[About this task]
Reproduce every line of the listing below exactly.

[Source data]
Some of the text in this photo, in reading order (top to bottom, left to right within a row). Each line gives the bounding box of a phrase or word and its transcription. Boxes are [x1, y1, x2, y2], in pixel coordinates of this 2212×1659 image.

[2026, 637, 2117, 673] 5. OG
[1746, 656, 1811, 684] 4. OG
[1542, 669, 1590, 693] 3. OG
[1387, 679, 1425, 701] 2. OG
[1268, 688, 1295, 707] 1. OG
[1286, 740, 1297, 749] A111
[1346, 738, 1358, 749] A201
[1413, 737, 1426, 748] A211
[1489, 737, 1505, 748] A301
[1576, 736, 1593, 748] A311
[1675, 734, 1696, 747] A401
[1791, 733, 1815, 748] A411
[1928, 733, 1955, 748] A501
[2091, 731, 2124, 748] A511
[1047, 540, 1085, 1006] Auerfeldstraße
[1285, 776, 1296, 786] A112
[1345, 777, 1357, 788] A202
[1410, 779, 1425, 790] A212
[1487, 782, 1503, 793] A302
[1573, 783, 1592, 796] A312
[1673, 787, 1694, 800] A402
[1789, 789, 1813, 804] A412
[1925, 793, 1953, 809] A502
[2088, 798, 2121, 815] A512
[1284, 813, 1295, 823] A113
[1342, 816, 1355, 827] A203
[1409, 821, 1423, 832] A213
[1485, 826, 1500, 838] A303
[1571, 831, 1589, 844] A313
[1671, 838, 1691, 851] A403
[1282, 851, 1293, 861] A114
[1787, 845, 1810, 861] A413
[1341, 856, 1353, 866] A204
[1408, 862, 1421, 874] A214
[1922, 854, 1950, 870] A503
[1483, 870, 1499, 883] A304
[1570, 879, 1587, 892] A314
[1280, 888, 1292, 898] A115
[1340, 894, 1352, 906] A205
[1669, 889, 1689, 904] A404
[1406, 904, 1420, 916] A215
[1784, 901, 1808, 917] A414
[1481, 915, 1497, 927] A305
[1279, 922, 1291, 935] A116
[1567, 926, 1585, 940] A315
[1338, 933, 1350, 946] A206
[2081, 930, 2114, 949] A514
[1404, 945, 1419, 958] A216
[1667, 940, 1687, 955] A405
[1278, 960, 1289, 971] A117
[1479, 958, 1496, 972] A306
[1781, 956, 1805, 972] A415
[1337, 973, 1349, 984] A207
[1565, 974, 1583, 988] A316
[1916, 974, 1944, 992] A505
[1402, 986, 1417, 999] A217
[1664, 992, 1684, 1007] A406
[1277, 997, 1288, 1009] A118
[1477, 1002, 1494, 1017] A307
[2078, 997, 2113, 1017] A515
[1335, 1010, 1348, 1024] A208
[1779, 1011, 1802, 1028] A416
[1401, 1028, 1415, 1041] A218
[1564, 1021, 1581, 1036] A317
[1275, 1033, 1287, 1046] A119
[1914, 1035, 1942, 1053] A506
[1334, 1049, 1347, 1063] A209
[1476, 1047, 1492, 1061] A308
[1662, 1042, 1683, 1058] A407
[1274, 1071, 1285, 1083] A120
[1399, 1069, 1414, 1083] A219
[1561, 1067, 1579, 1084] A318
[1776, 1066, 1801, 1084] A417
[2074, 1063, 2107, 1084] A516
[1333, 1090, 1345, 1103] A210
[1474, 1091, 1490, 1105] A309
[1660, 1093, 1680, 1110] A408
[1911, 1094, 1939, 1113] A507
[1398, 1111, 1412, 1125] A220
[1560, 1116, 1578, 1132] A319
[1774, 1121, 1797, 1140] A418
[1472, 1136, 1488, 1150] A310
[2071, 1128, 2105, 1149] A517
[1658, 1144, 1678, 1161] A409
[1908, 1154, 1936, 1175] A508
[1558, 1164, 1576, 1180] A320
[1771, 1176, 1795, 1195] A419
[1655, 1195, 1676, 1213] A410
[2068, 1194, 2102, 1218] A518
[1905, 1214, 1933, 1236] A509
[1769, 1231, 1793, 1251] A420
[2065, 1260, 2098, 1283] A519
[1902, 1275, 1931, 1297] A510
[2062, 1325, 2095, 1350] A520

[Result of this exercise]
Some of the text in this photo, in reading order (top to bottom, left to right within a row). Each line gives the bounding box of a phrase or word and its transcription. Boxes are [x1, y1, x2, y2], in pixel coordinates of this 2212×1659 image.

[2026, 637, 2117, 673] 5. OG
[1746, 656, 1811, 684] 4. OG
[1542, 669, 1590, 693] 3. OG
[1387, 679, 1425, 701] 2. OG
[1268, 688, 1295, 707] 1. OG
[1286, 740, 1297, 749] A111
[1346, 738, 1358, 749] A201
[1413, 737, 1426, 748] A211
[1489, 737, 1505, 748] A301
[1576, 736, 1593, 748] A311
[1675, 734, 1696, 747] A401
[1791, 733, 1815, 748] A411
[1928, 733, 1955, 748] A501
[2091, 731, 2124, 748] A511
[1047, 540, 1085, 1006] Auerfeldstraße
[1285, 776, 1296, 786] A112
[1345, 777, 1357, 788] A202
[1410, 779, 1425, 790] A212
[1487, 782, 1503, 793] A302
[1573, 783, 1592, 796] A312
[1673, 787, 1694, 800] A402
[1789, 789, 1813, 804] A412
[1925, 793, 1953, 809] A502
[2088, 798, 2121, 815] A512
[1284, 813, 1295, 823] A113
[1342, 816, 1355, 827] A203
[1409, 821, 1423, 832] A213
[1485, 826, 1500, 838] A303
[1571, 831, 1589, 844] A313
[1671, 838, 1691, 851] A403
[1282, 851, 1293, 861] A114
[1787, 845, 1810, 861] A413
[1341, 856, 1353, 866] A204
[1408, 862, 1421, 874] A214
[1922, 854, 1950, 870] A503
[1483, 870, 1499, 883] A304
[1570, 879, 1587, 892] A314
[1280, 888, 1292, 898] A115
[1340, 894, 1352, 906] A205
[1669, 889, 1689, 904] A404
[1406, 904, 1420, 916] A215
[1784, 901, 1808, 917] A414
[1481, 915, 1497, 927] A305
[1279, 922, 1291, 935] A116
[1567, 926, 1585, 940] A315
[1338, 933, 1350, 946] A206
[2081, 930, 2114, 949] A514
[1404, 945, 1419, 958] A216
[1667, 940, 1687, 955] A405
[1278, 960, 1289, 971] A117
[1479, 958, 1496, 972] A306
[1781, 956, 1805, 972] A415
[1337, 973, 1349, 984] A207
[1565, 974, 1583, 988] A316
[1916, 974, 1944, 992] A505
[1402, 986, 1417, 999] A217
[1664, 992, 1684, 1007] A406
[1277, 997, 1288, 1009] A118
[1477, 1002, 1494, 1017] A307
[2078, 997, 2113, 1017] A515
[1335, 1010, 1348, 1024] A208
[1779, 1011, 1802, 1028] A416
[1401, 1028, 1415, 1041] A218
[1564, 1021, 1581, 1036] A317
[1275, 1033, 1287, 1046] A119
[1914, 1035, 1942, 1053] A506
[1334, 1049, 1347, 1063] A209
[1476, 1047, 1492, 1061] A308
[1662, 1042, 1683, 1058] A407
[1274, 1071, 1285, 1083] A120
[1399, 1069, 1414, 1083] A219
[1561, 1067, 1579, 1084] A318
[1776, 1066, 1801, 1084] A417
[2074, 1063, 2107, 1084] A516
[1333, 1090, 1345, 1103] A210
[1474, 1091, 1490, 1105] A309
[1660, 1093, 1680, 1110] A408
[1911, 1094, 1939, 1113] A507
[1398, 1111, 1412, 1125] A220
[1560, 1116, 1578, 1132] A319
[1774, 1121, 1797, 1140] A418
[1472, 1136, 1488, 1150] A310
[2071, 1128, 2105, 1149] A517
[1658, 1144, 1678, 1161] A409
[1908, 1154, 1936, 1175] A508
[1558, 1164, 1576, 1180] A320
[1771, 1176, 1795, 1195] A419
[1655, 1195, 1676, 1213] A410
[2068, 1194, 2102, 1218] A518
[1905, 1214, 1933, 1236] A509
[1769, 1231, 1793, 1251] A420
[2065, 1260, 2098, 1283] A519
[1902, 1275, 1931, 1297] A510
[2062, 1325, 2095, 1350] A520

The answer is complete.